Work item
Without including any image, retype the records word for word.

Input material

|---|

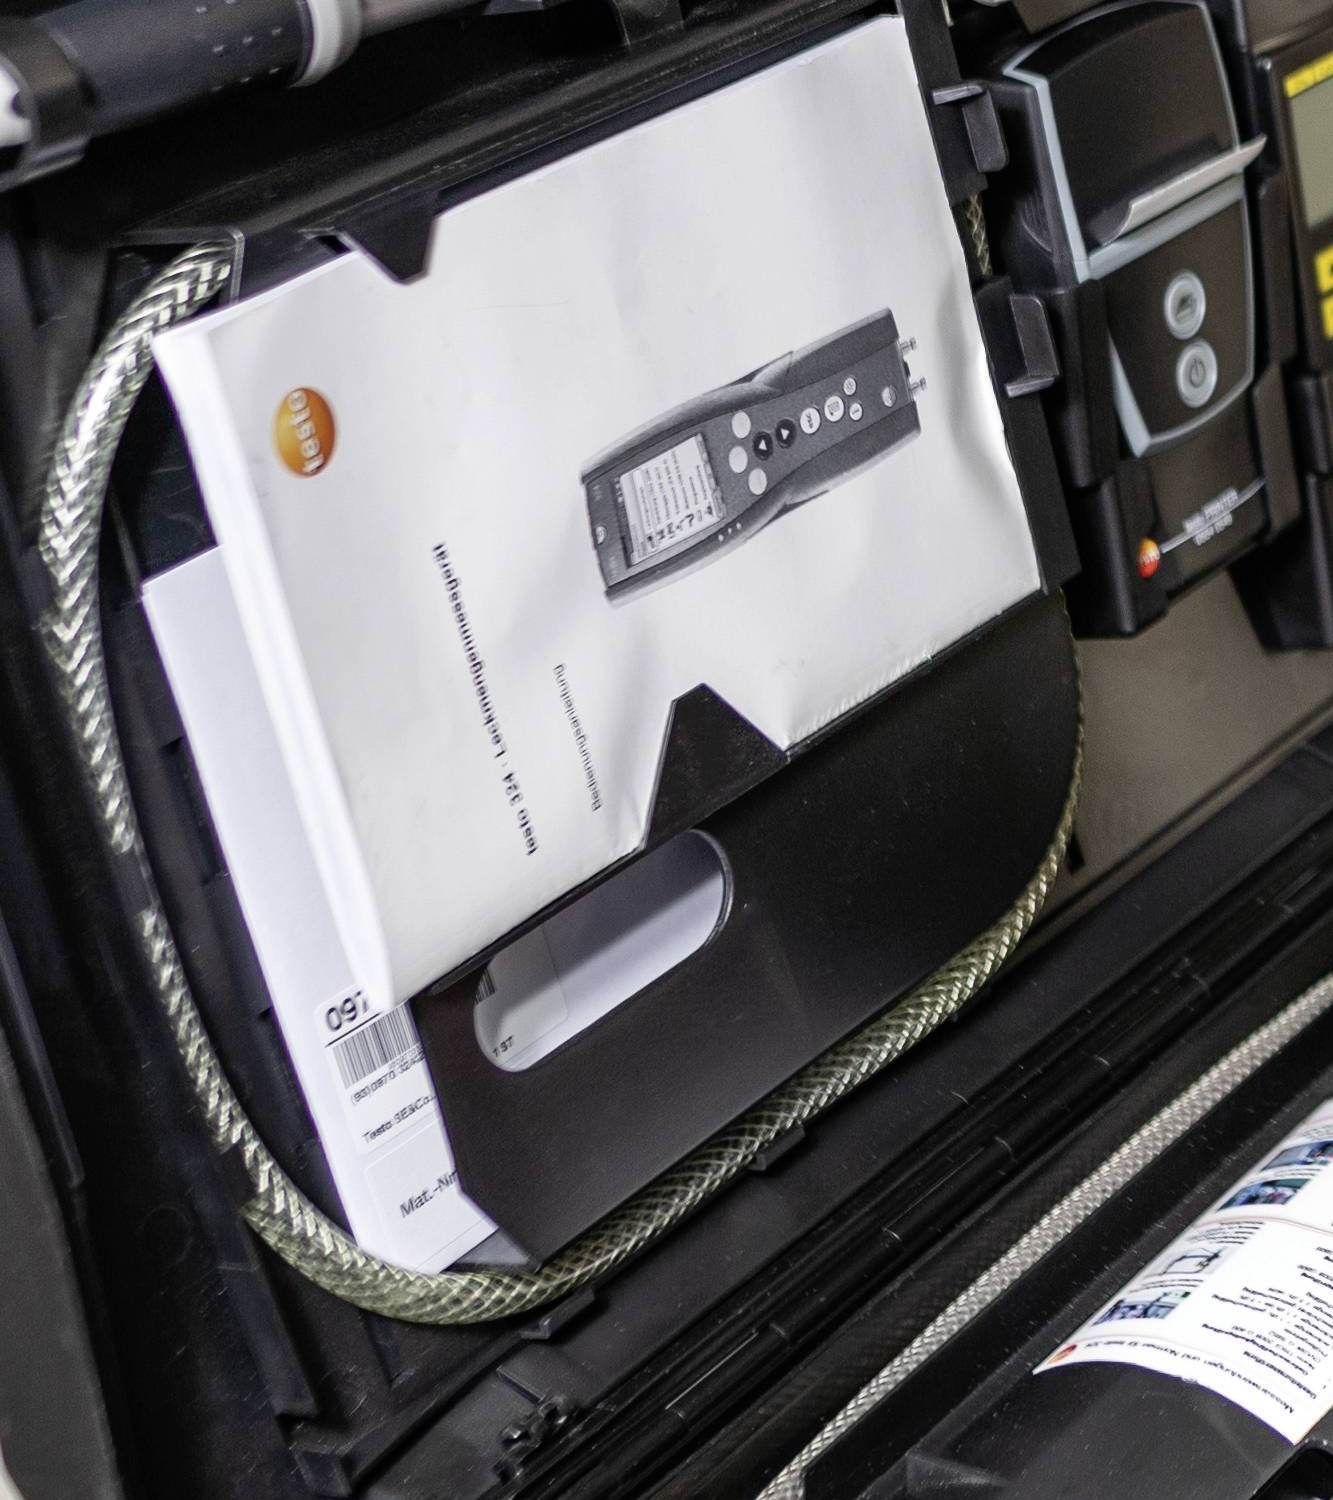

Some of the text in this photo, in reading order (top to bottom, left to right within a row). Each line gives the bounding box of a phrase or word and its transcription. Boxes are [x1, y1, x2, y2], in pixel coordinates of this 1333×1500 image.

[290, 388, 328, 478] testo
[551, 662, 603, 813] Bedienungsanleitung
[502, 771, 525, 807] 324
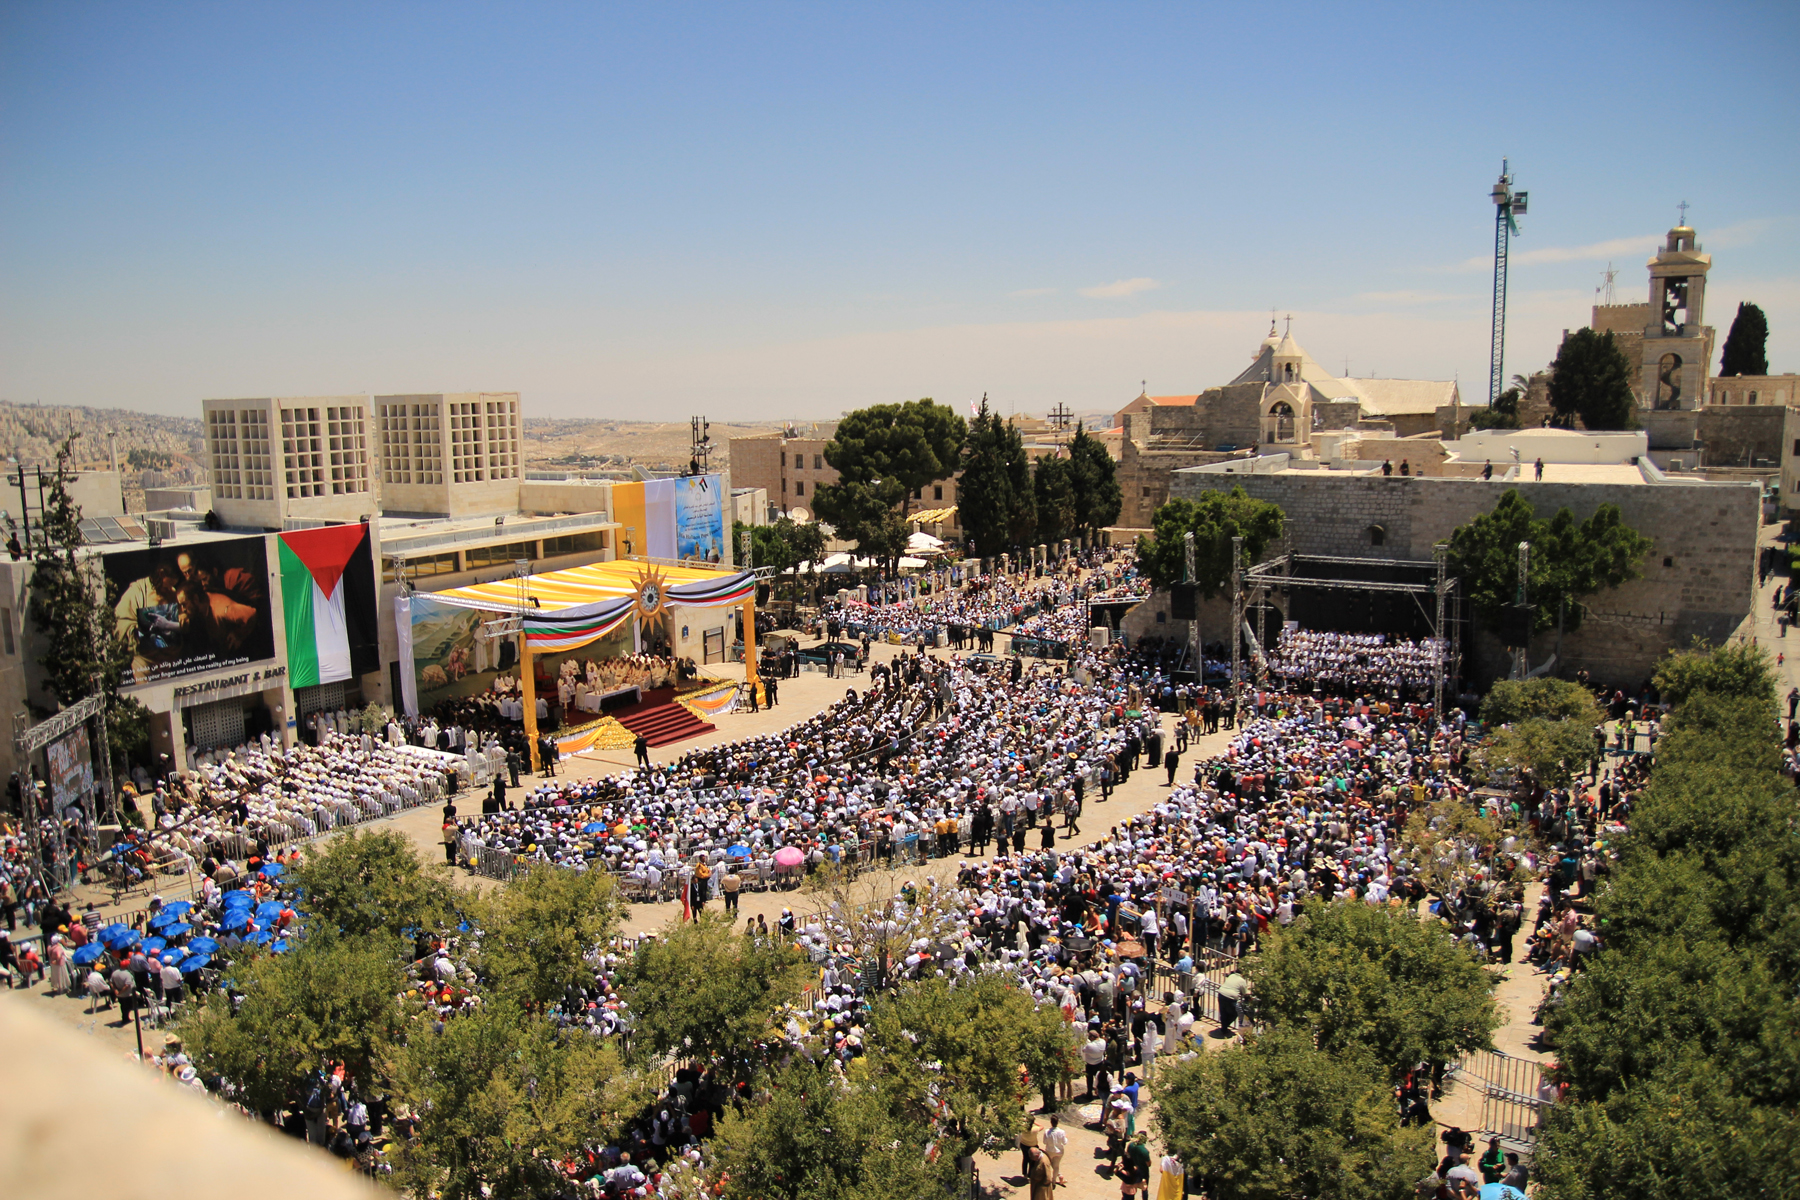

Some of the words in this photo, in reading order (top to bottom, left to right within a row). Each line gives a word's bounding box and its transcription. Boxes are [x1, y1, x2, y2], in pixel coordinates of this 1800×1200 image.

[174, 674, 250, 698] RESTAURANT
[253, 672, 261, 681] &
[264, 666, 286, 679] BAR
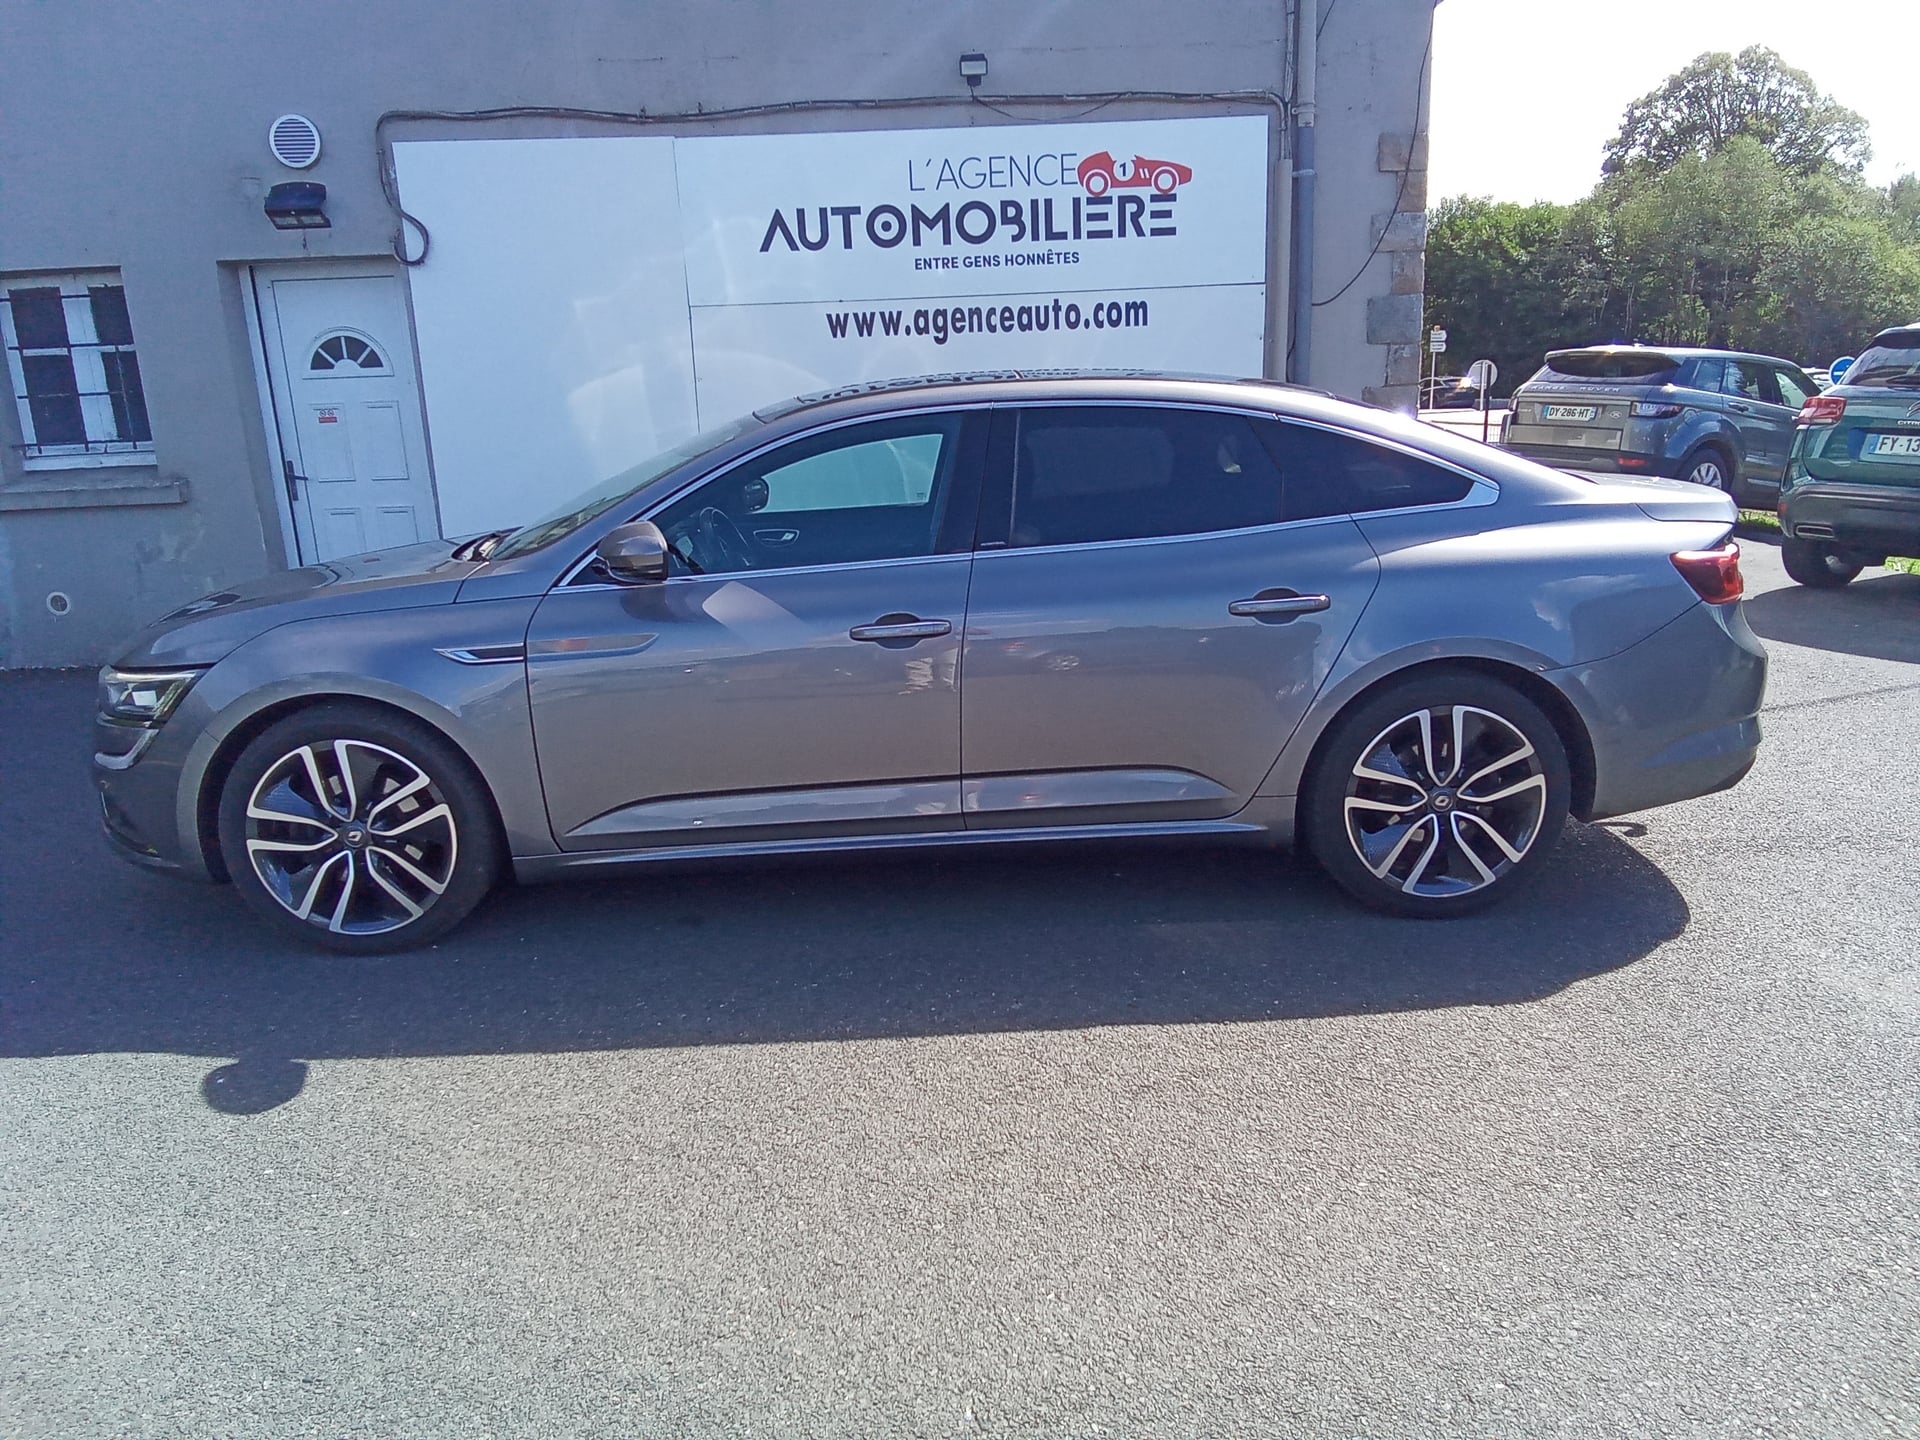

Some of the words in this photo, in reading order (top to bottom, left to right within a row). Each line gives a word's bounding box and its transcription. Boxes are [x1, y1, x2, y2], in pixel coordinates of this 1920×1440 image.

[908, 153, 1079, 191] L'AGENCE
[1118, 161, 1128, 177] 1
[914, 257, 958, 271] ENTRE
[963, 255, 1000, 268] GENS
[1005, 249, 1080, 266] HONNÊTES
[826, 299, 1149, 345] www.agenceauto.com
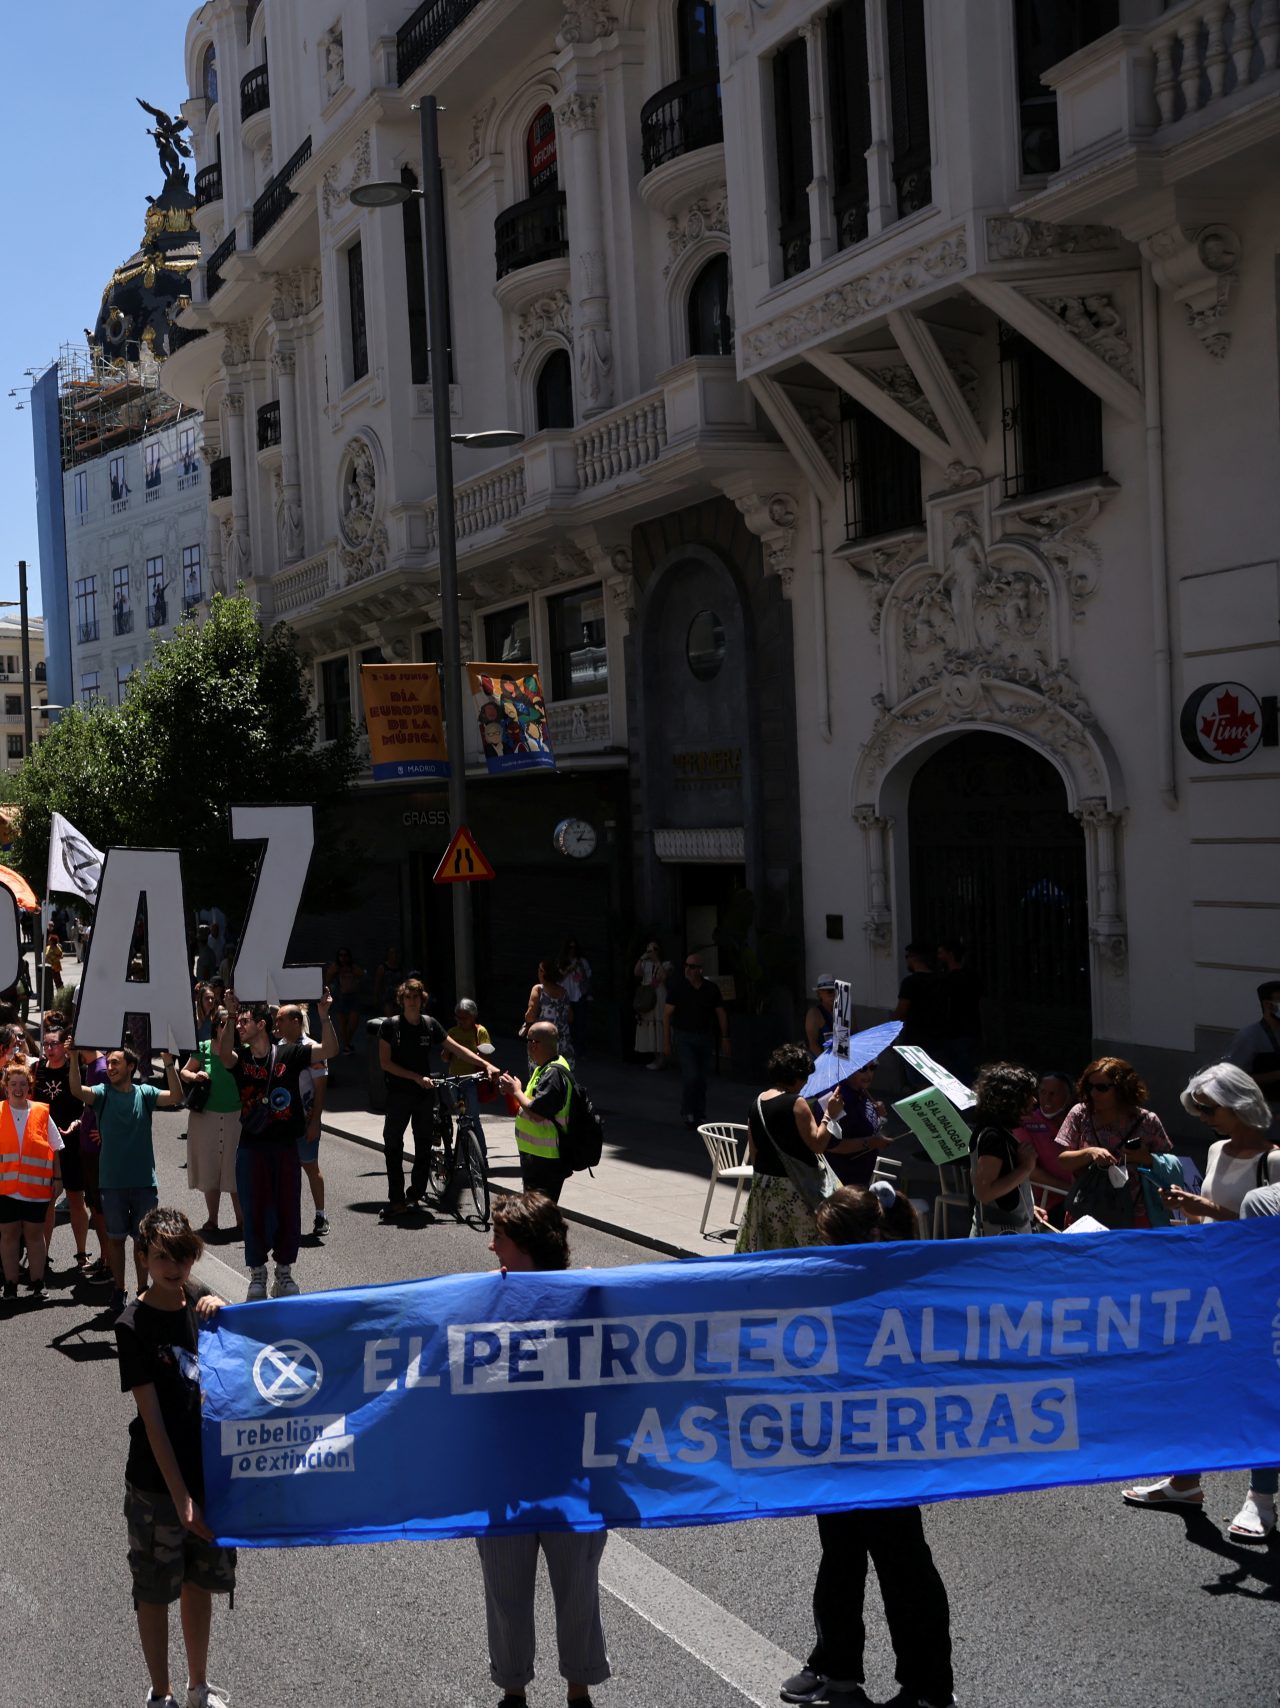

|---|

Answer to this task
Some of the text in this photo, in reading order (top to bottom, left to right within a row). Each line gives the bounding box of a phrase or word and its transcription. Boxes are [x1, y1, x2, y2], in pixel coordinates of this 1333×1500 image.

[290, 388, 328, 478] testo
[551, 662, 603, 813] Bedienungsanleitung
[502, 771, 525, 807] 324

Some of the words in this photo, in reading order (top to bottom, left to right within a row). Each line gives a word's bounding box and its transcription. Boxes are [x1, y1, x2, y2], in pixel coordinates of this 1800×1200 image.

[174, 674, 250, 698] RESTAURANT
[253, 672, 261, 681] &
[264, 666, 286, 679] BAR

Some of the words in this photo, in reading order (top to bottom, left to right within a row). Each line gives a word's bounding box and its transcription. Boxes are [x1, y1, x2, y2], in pixel coordinates of this 1920×1440 image.

[908, 153, 1079, 191] L'AGENCE
[1118, 161, 1128, 177] 1
[914, 257, 958, 271] ENTRE
[963, 255, 1000, 268] GENS
[1005, 249, 1080, 266] HONNÊTES
[826, 299, 1149, 345] www.agenceauto.com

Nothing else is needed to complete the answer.